----- Supplied material -----
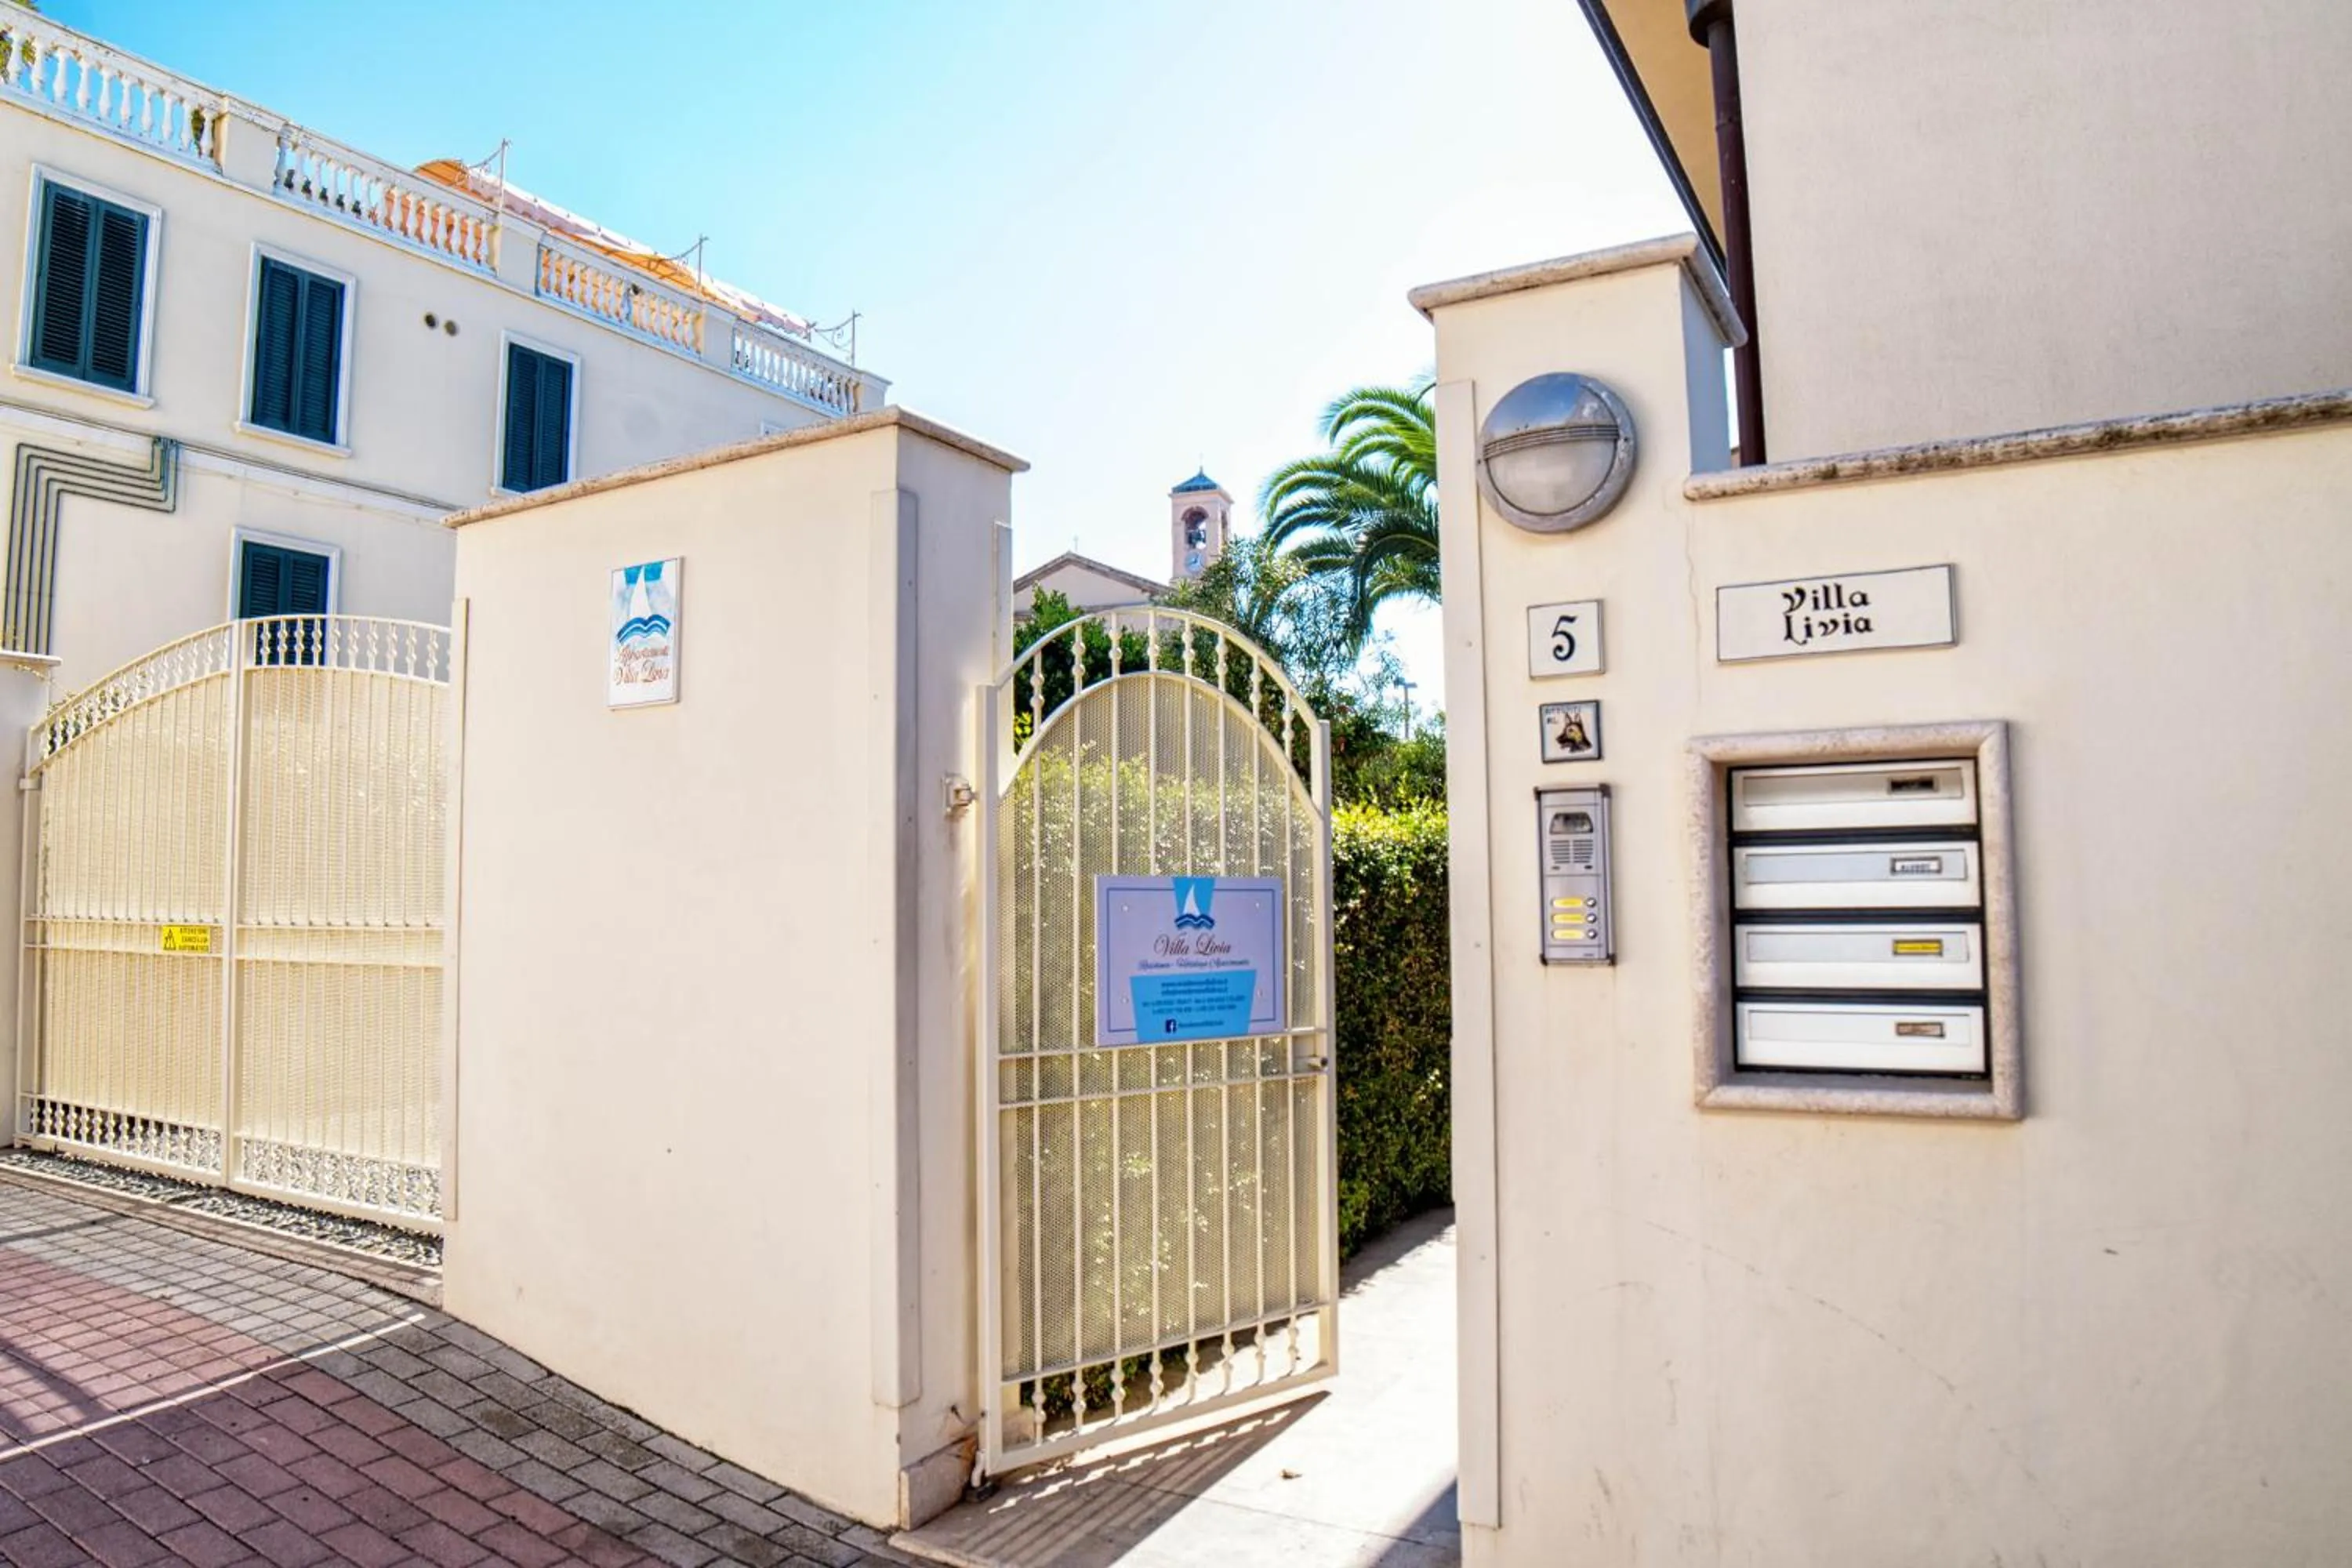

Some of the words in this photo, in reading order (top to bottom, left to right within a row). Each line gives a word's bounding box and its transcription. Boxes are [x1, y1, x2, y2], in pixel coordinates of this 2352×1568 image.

[1781, 583, 1871, 615] Villa
[1551, 614, 1579, 662] 5
[1783, 612, 1875, 646] Livia
[1153, 931, 1190, 957] Villa
[1194, 932, 1232, 956] Livia
-----
## Task to complete
Start at the top line above and repeat the records verbatim, leaving images out.

## Answer space
Some of the words in this photo, in reading order (top to bottom, left to right within a row). Each line gives a word's bounding box and its transcription. Boxes are [x1, y1, x2, y2], in pixel coordinates of this 2352×1568 image.

[1781, 583, 1871, 615] Villa
[1551, 614, 1579, 662] 5
[1783, 612, 1875, 646] Livia
[1153, 931, 1190, 957] Villa
[1194, 932, 1232, 956] Livia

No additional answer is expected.